The teenage girl stands naked on the plinth. Her smooth stomach and the dark curve of her navel are at eye level. She is looking down with her head tilted to one side, one hand shielding her pubis, the other on her hip. Her knees are together and slightly bent. She is painted in natural sienna and ochre. Shading in burnt sienna emphasizes her breast and moulds her inner thighs and her little slit. We should not say ‘slit’ because this is a work of art we are talking about, but when we see her, that is what we think. A tiny vertical slit, stripped of all hair. We walk round the plinth and observe the figure from the back. The tanned buttocks reflect patches of light. If we step away, her anatomy acquires a more innocent look.

The Art of Murder, page 1 –
The plot opens with an introduction to one of Bruno van Tysch’s work — Deflowering, of which the above mentioned teenage girl, Annek Hollech is the canvas. Bruno van Tysch is the current Dutch hyperdramatic maestro exhibiting his collection, Flowers, in Austria. When Annek is found murdered in the woods of Vienna on 21 June 2006, the case triggered frenzy investigation efforts by the Van Tysch Foundation in charge of the welfare of the maestro’s works, the Austrian police and several European governments involved in the lucrative trade of hyperdramatic paintings.

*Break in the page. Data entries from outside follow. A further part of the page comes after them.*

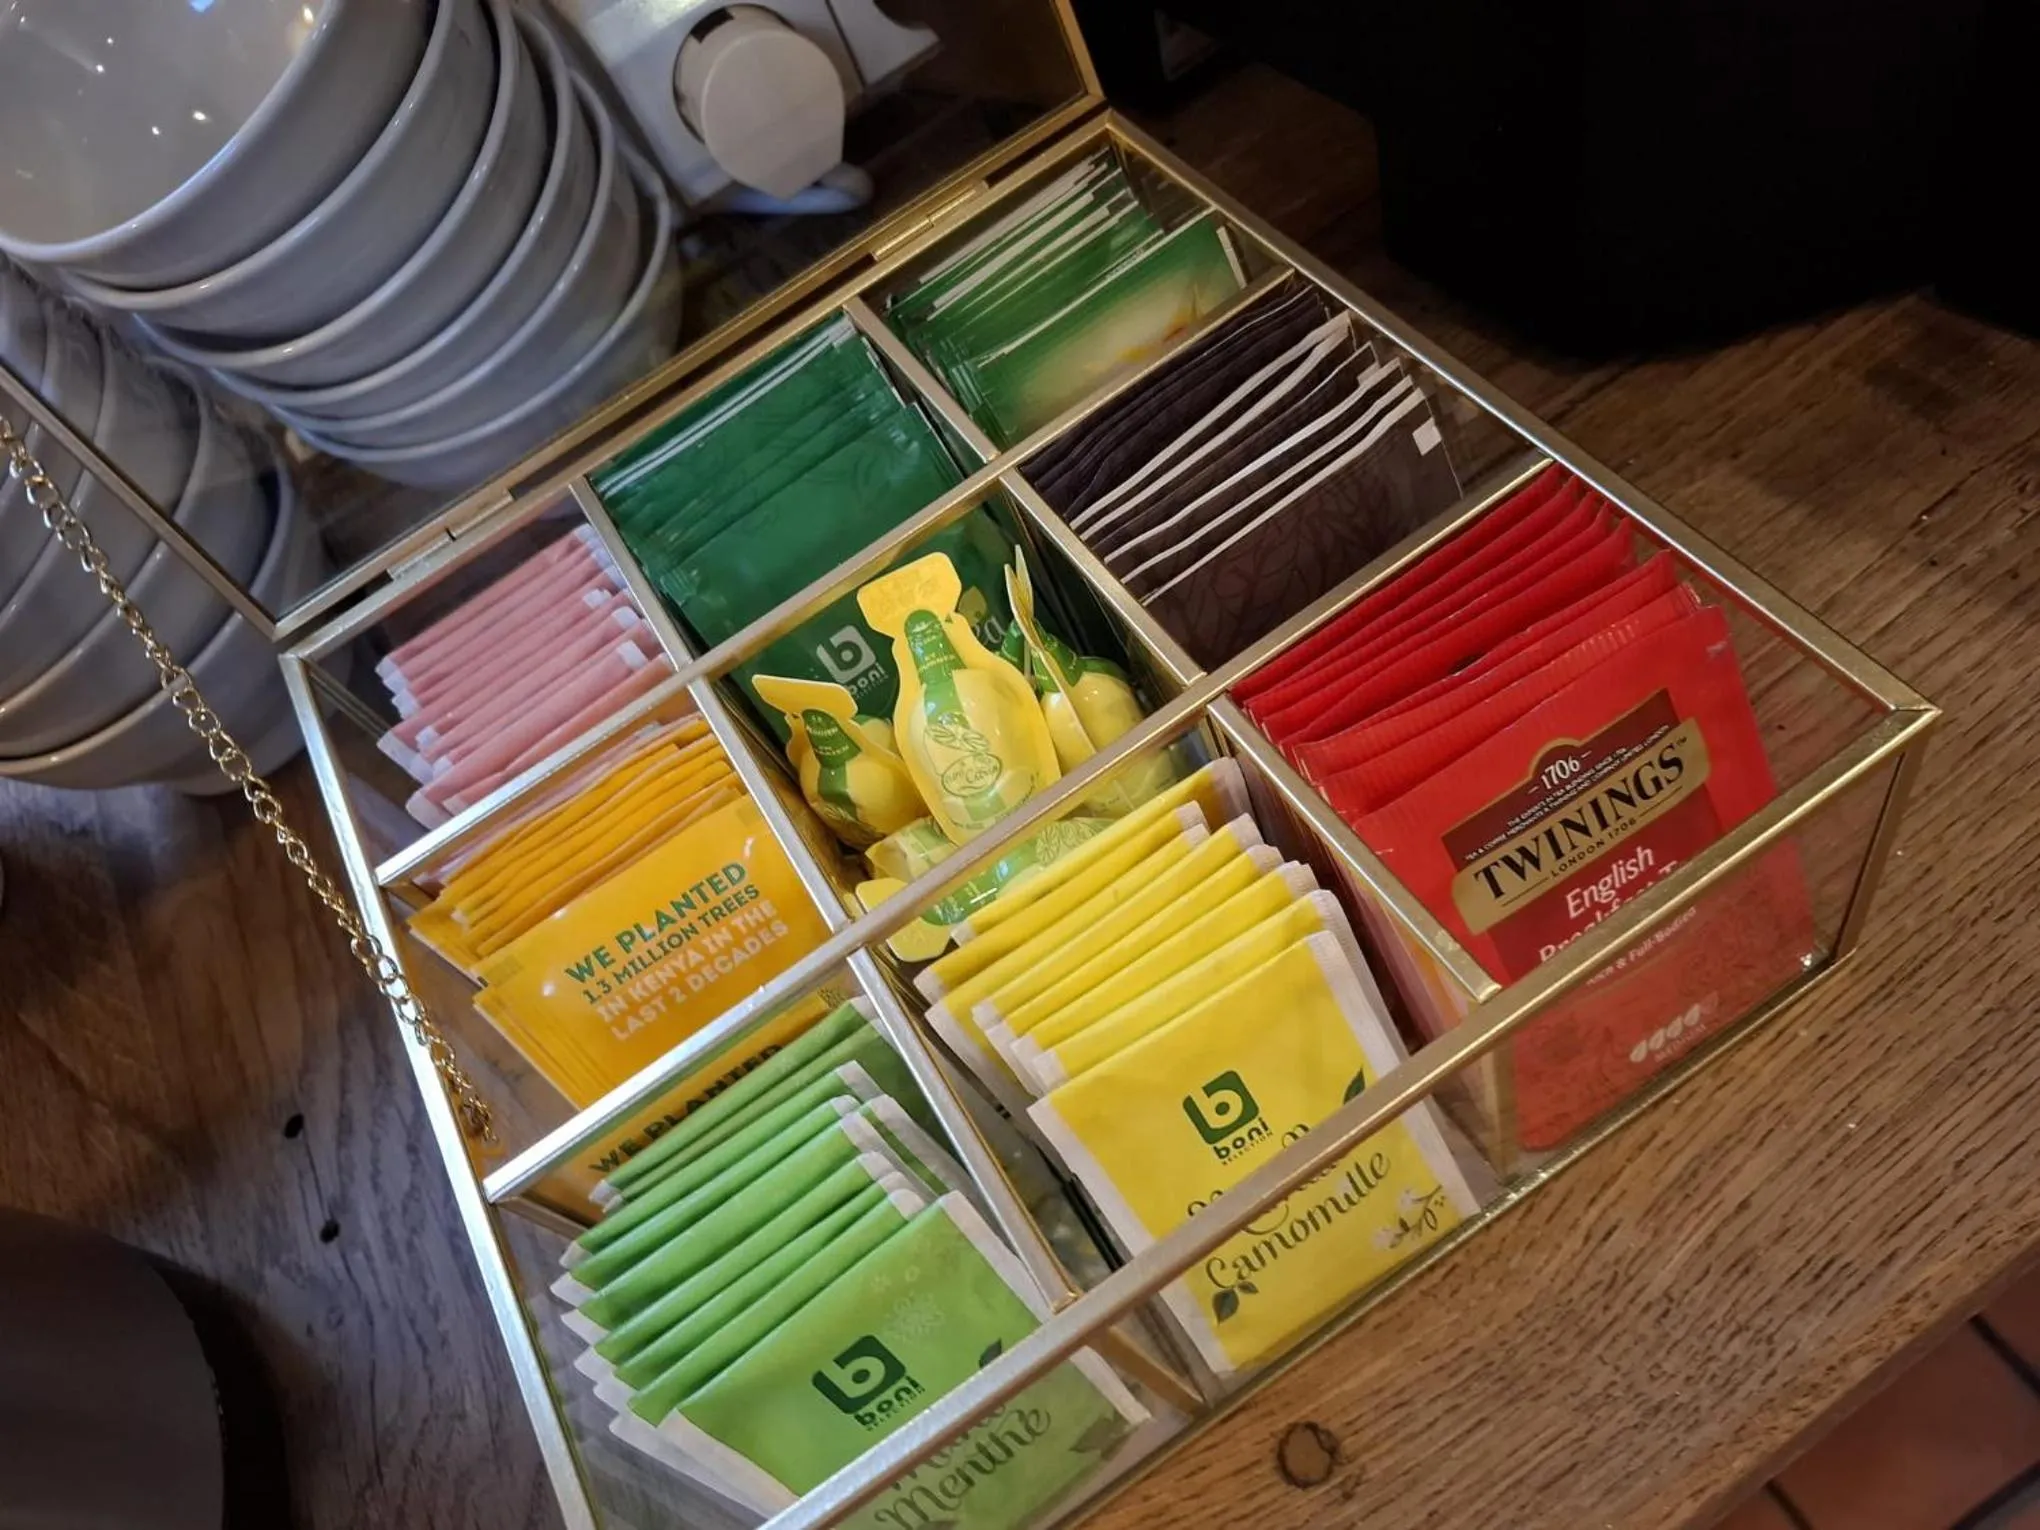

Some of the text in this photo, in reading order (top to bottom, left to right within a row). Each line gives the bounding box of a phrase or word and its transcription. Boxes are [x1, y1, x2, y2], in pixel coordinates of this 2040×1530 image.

[1473, 742, 1685, 899] TWININGS
[1541, 756, 1580, 790] 1706
[1551, 818, 1637, 878] LONDON 1706
[1566, 846, 1654, 920] English
[564, 862, 747, 984] WE PLANTED
[596, 900, 778, 1023] IN KENYA IN THE
[612, 922, 700, 985] MILLION
[698, 884, 760, 929] TREES
[611, 919, 789, 1041] LAST 2 DECADES
[1213, 1117, 1268, 1159] boni
[1206, 1152, 1391, 1289] Camomille
[854, 1375, 920, 1426] boni
[874, 1408, 1051, 1529] Menthe

Somoza’s crime writing skill is not an apparent strength in this book. What catches most of its readers is his extreme intelligence in providing them the very plausible suggestion of hyperdramatism.

As I read on, I was endlessly intrigued with the idea of a live canvas, how he or she will be able to provide more depth, expression, translation and dimension to an artist’s field of imagination. I almost ignored the investigation of the murder case altogether because there are simply too many distractions as Somoza continuously lock my attention to his bizarre ideas of hyperdramatic art.

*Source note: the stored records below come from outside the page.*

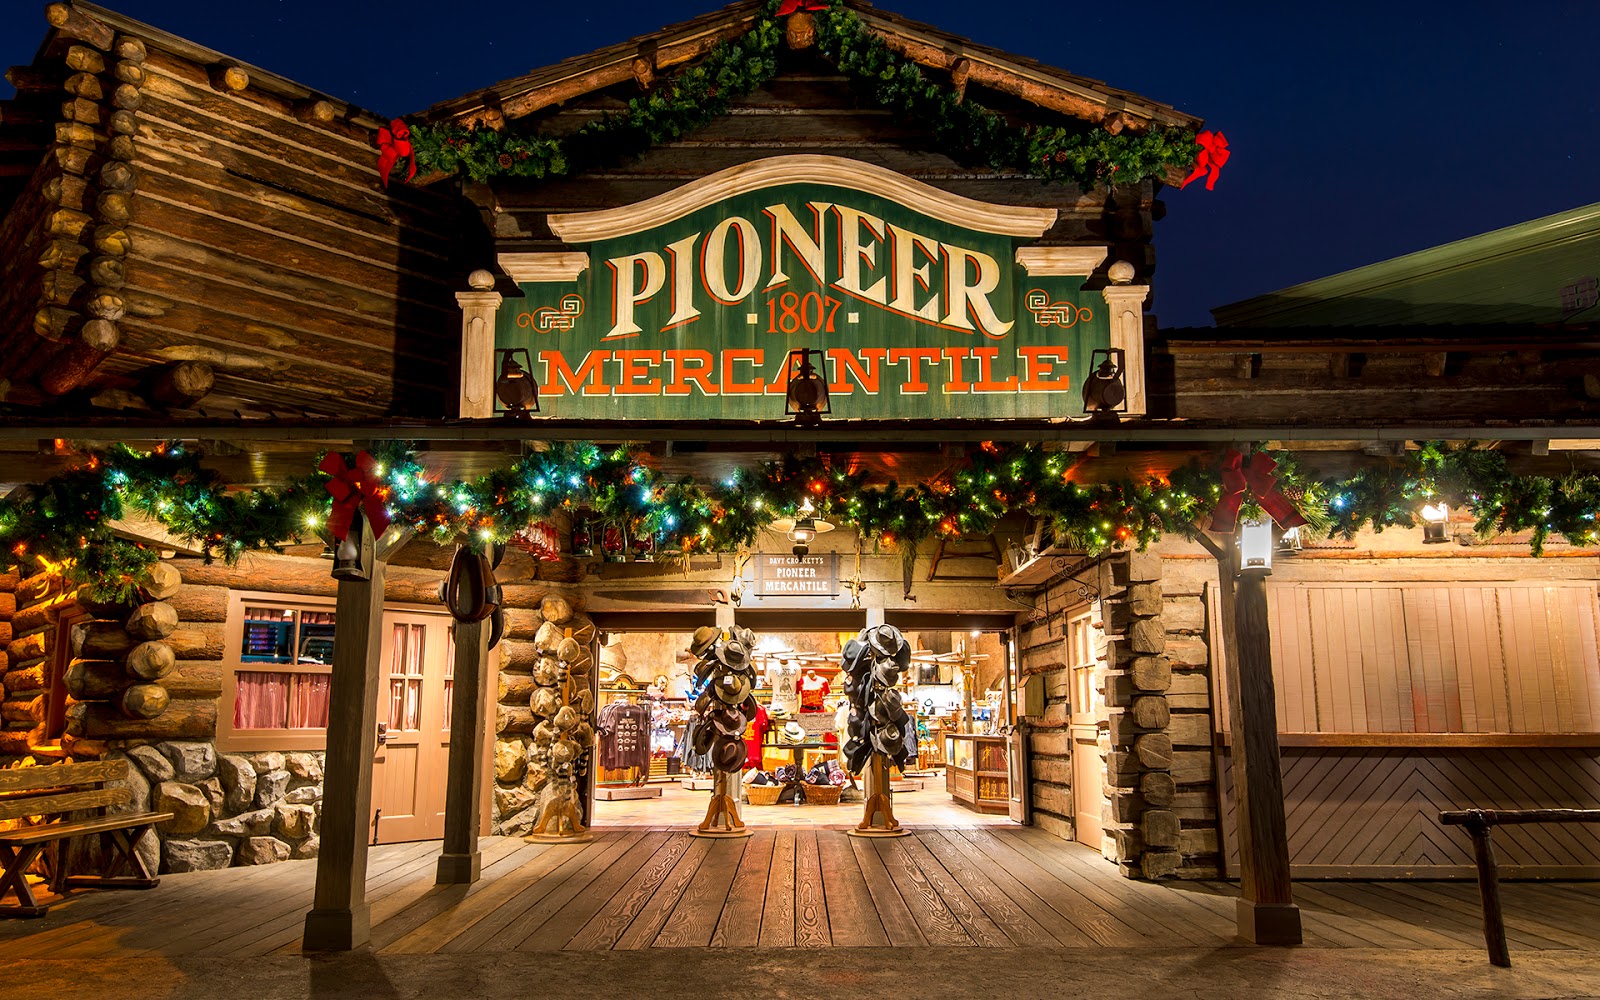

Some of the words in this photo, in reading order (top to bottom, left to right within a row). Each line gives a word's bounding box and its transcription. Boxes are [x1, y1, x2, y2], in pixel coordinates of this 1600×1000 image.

[600, 201, 1015, 341] PIONEER
[766, 291, 842, 333] 1807
[786, 556, 823, 565] CROKETT'S
[776, 568, 816, 578] PIONEER
[765, 581, 828, 592] MERCANTILE

There are canvases involved in out door exhibits and therefore requires a bubble shield for protection from harsh weather conditions. Others are moving paintings, or called performances, where they change their poses or positions from time to time according to the desired plans of their artists. Then there are art shocks — illegal extensions from performances — hyperdramatic acts involving certain degrees and types of pornography, violence or brutality, normally created only by special request. Human ornaments are hyperdramatic students aspiring to be professional hyperdramatic canvases but failed to impress any artist to use them, therefore they are painted as functional furniture, utensils and decorative objects.

It is befitting to credit Somoza for reminding his readers that in this possible future of using human as an art medium and therefore a tradable commodity, humanity may be undermined for the sake of art, at least by some. This is what The Art of Murder is about, as it depicts several obvious scenarios — the destruction of Annek Hollech and the subsequent works or art was executed in the name of art itself; the usage of adolescents and children as canvases; and the sometimes inhumane actions required for priming and painting a canvas.

It doesn’t take a genius to uncover the mystery behind those killings, even for a non–crime reader like me.

Rest assured though, that if you do read this book, you’ll enjoy its brilliance of a whole new perspective which may cause your own questioning of what is an acceptable level of morality and humanity when it comes to creating ground braking works of art.